Apple's CEO is Inspired by Japan's 84 Years Young iOS Developer
Late yesterday the Nikkei Asian Review published an interview with Masako Wakamiya, who is thought to the world's oldest known iPhone app developer. In the interview, she discussed topics including her first computer and her meeting with Apple CEO Tim Cook.
According to the report, Masako Wakamiya obtained her first personal computer at age 58, just ahead of her retirement from a bank. Little did she know that she was beginning a journey that would make her the world's oldest known iPhone app developer, at 81.
Now 84, Wakamiya calls herself an IT evangelist and encourages other seniors to use digital technology to enrich their lives. She writes books while spreading her message on the lecture circuit in Japan and abroad.
Wakamiya discusses how she familiarized herself with early smartphones, and soon came up with the idea of a game based on Japan's annual doll festival, 'hinamatsuri'.
There were no apps that old people found amusing. I decided to make a game in which old people could beat young people.
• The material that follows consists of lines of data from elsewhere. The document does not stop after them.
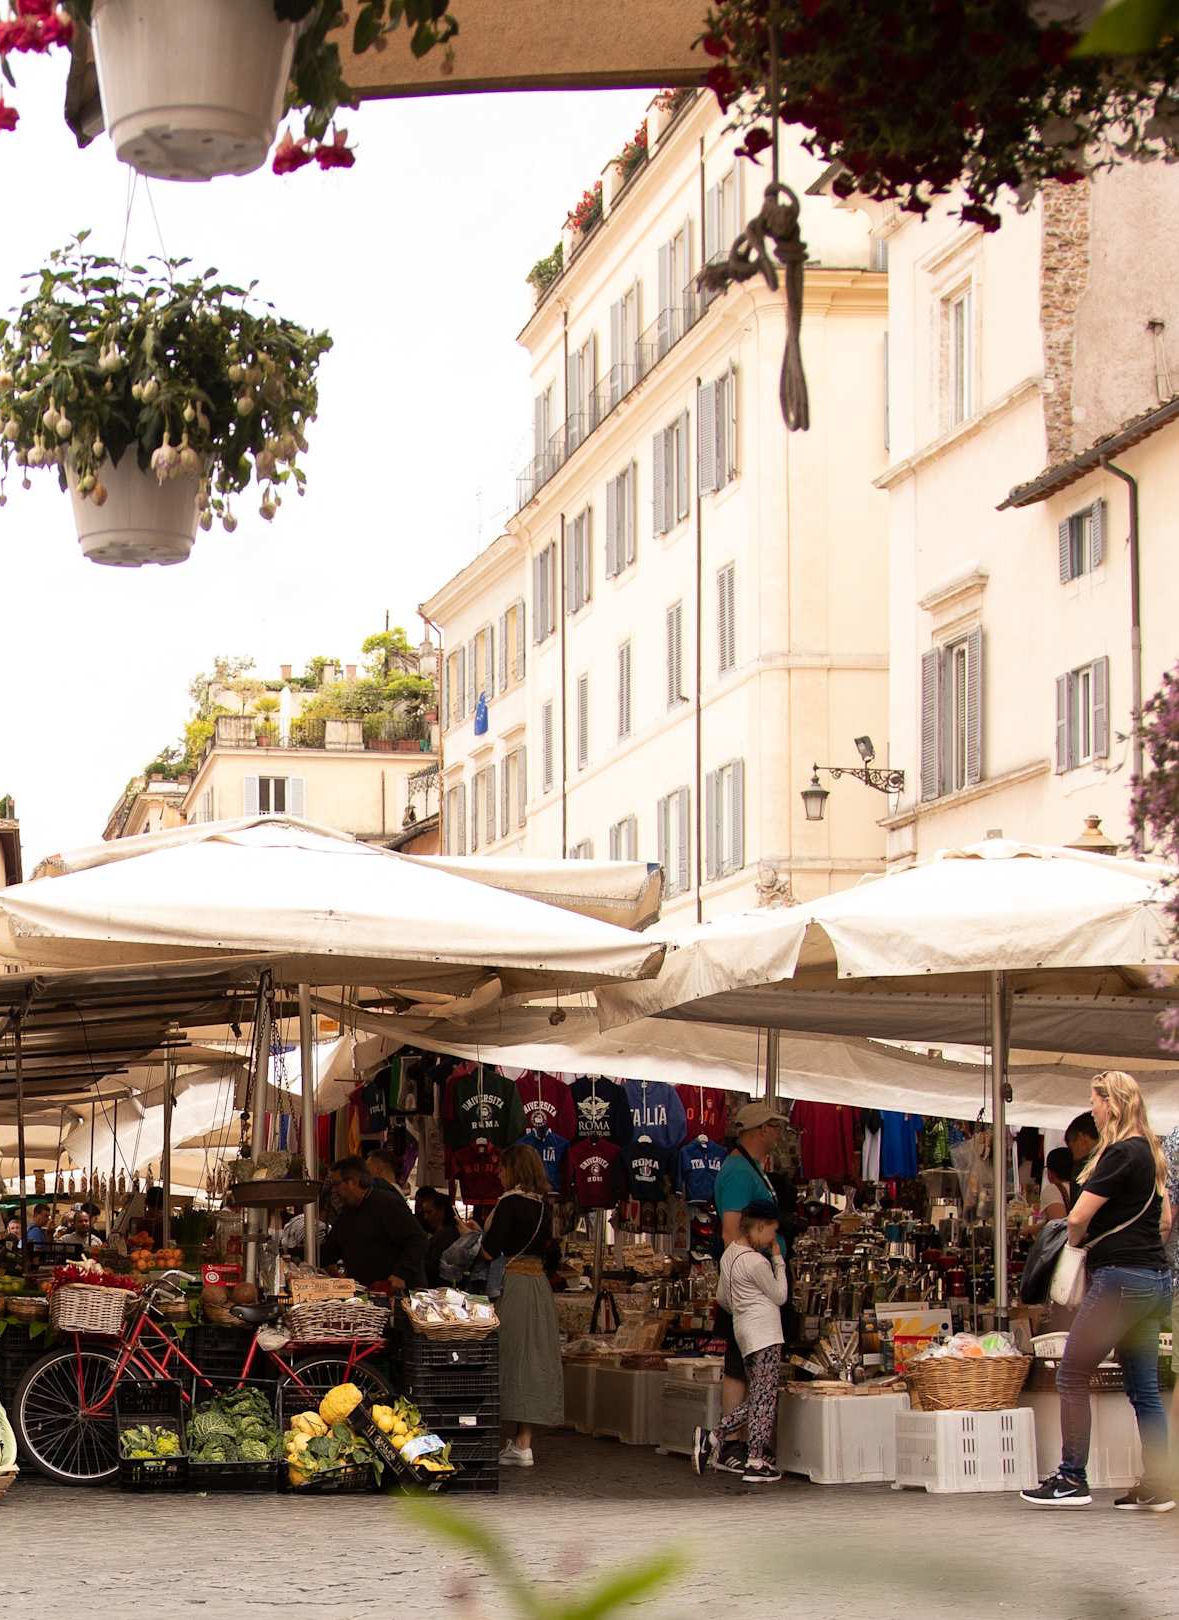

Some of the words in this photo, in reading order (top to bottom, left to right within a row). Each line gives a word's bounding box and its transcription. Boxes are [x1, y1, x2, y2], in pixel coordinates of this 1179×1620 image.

[578, 1120, 610, 1131] ROMA
[631, 1158, 659, 1170] ROMA
[690, 1158, 721, 1171] ITALIA
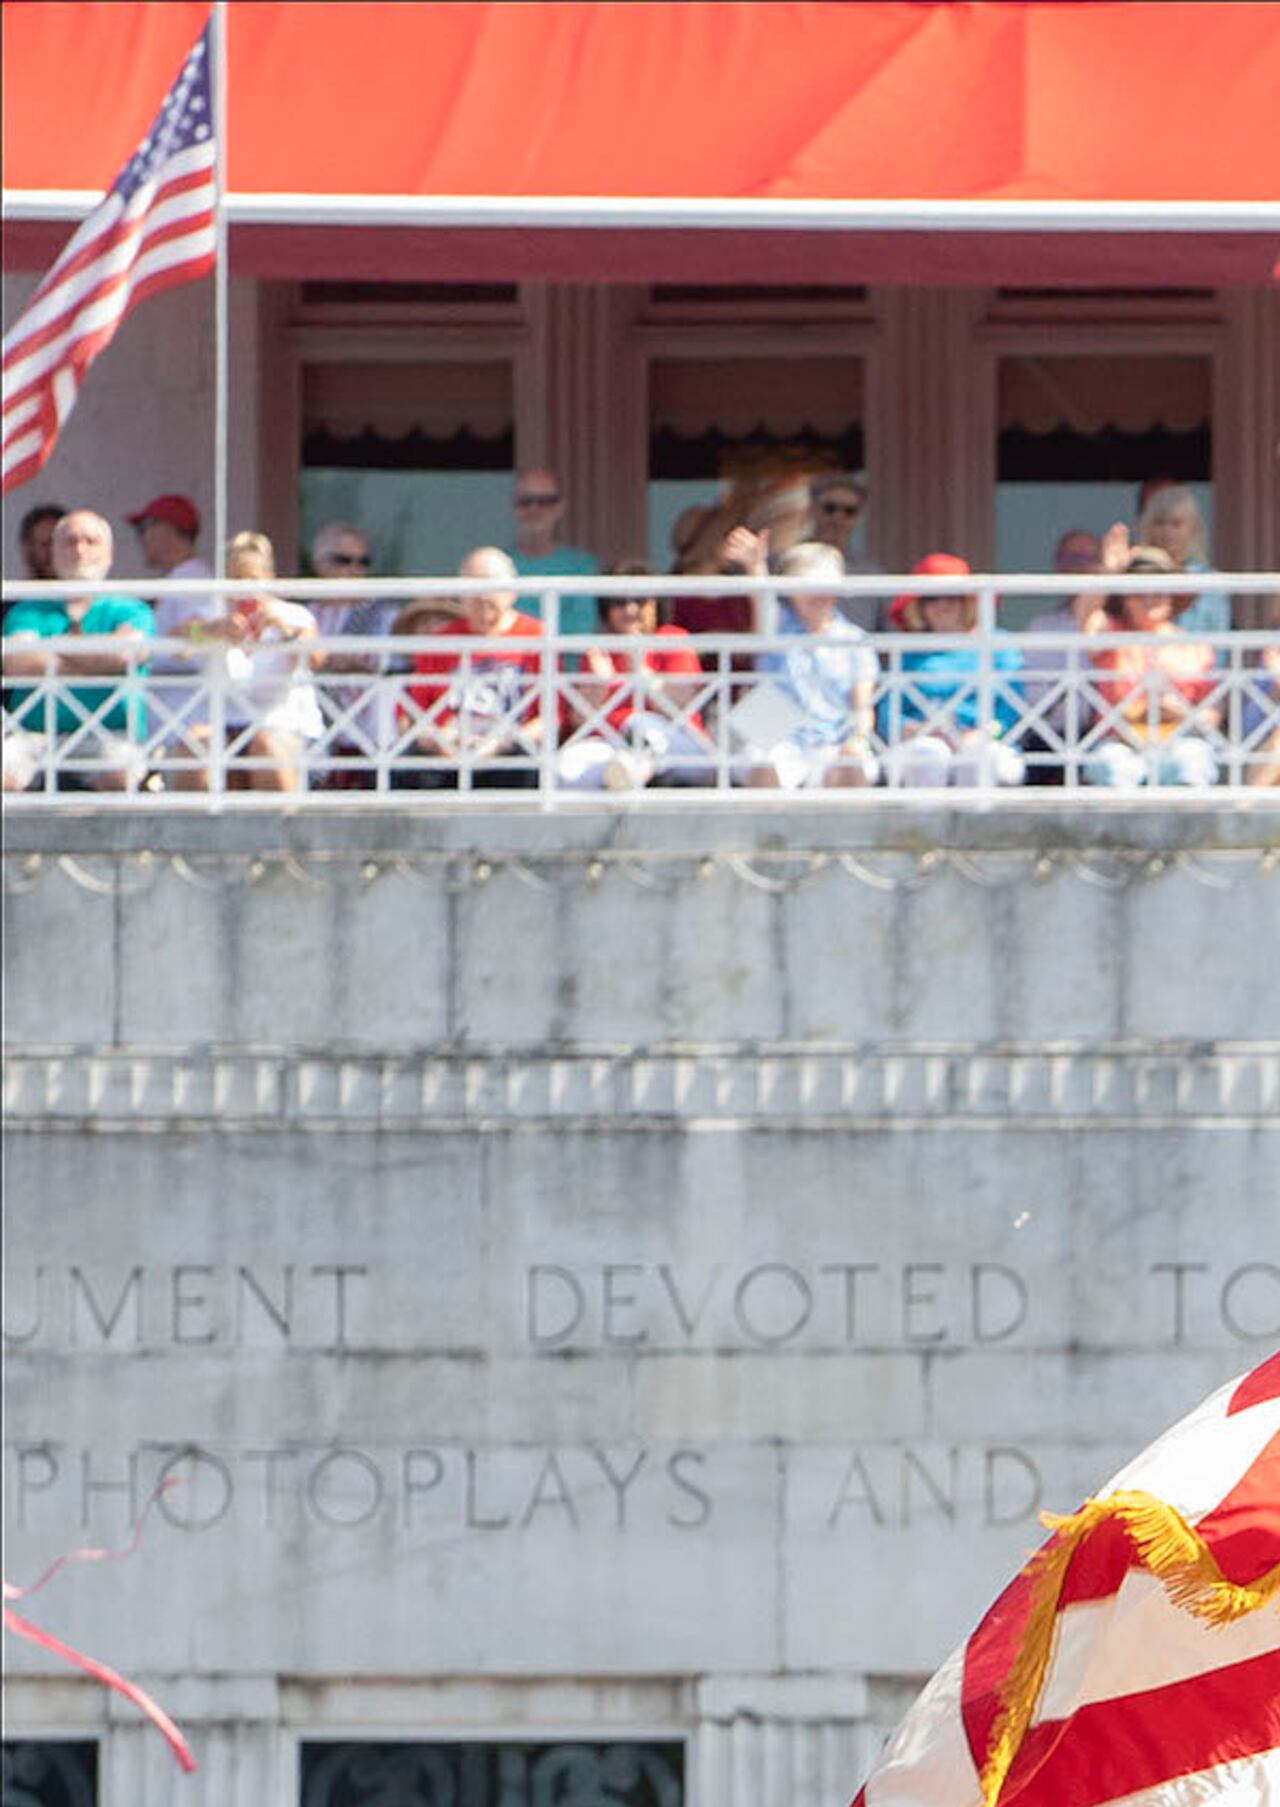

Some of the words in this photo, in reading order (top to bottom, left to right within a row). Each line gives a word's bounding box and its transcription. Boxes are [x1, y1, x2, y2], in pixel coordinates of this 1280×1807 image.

[527, 1262, 1030, 1347] DEVOTED
[17, 1447, 714, 1532] PHOTOPLAYS
[826, 1446, 1043, 1531] AND
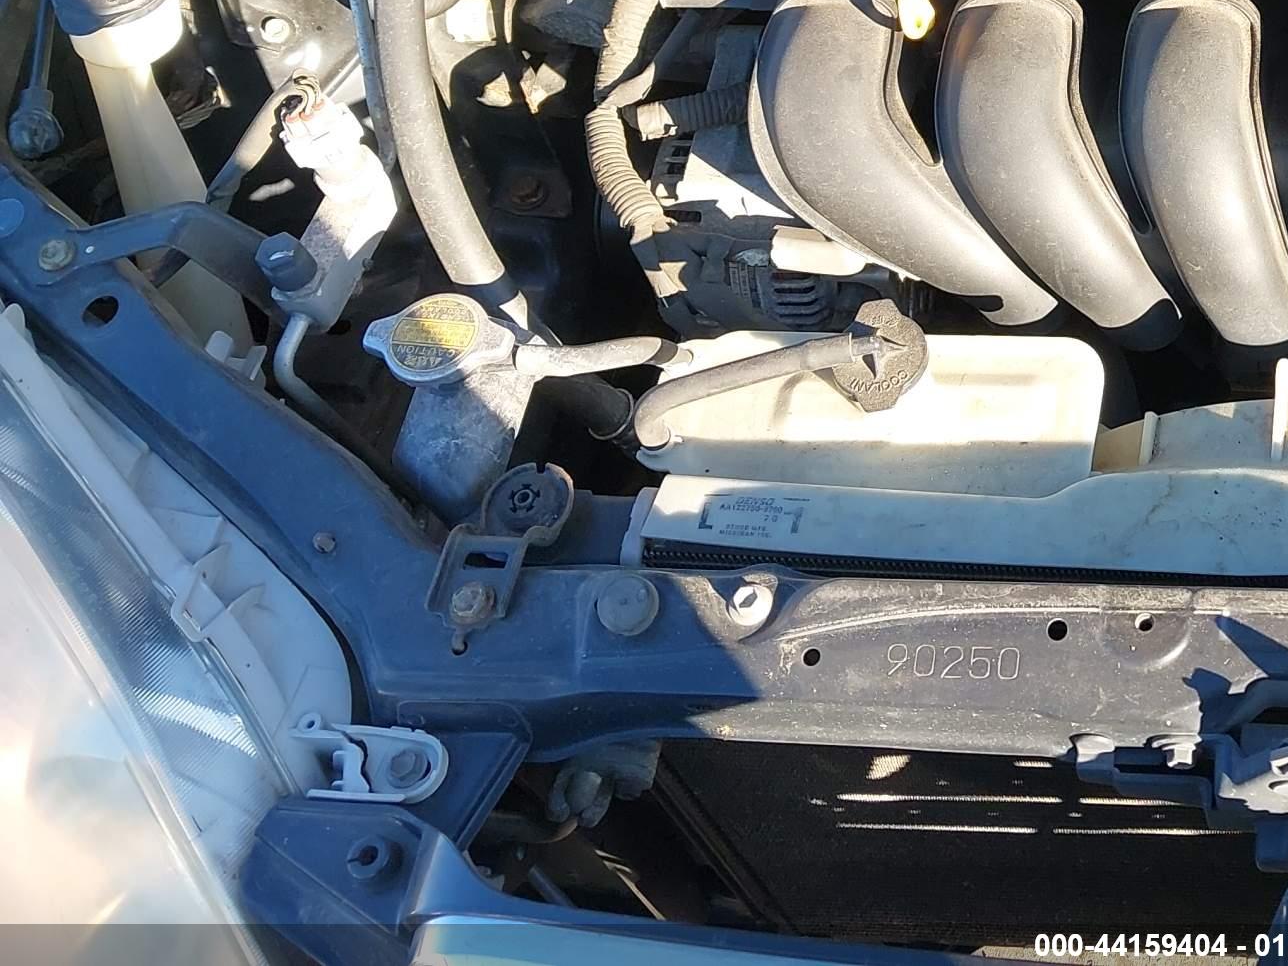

I thought that arranging dolls for the hinamatsuri would be a good concept.
I drew up a plan and asked the president of an app development company in Miyagi Prefecture to produce the game. I had become acquainted with him through volunteering in the area hit by the March 2011 earthquake.
He said, "May I suggest that you do it by yourself?" I wrote the program at home in Kanagawa Prefecture, while learning from him over Skype. The smartphone game, called Hinadan, was completed just before the hinamatsuri in 2017.
Coding an app at home whilst being guided over Skype by the president of an app development company would be a noble achievement for almost all of us, let alone an 81-year-old lady.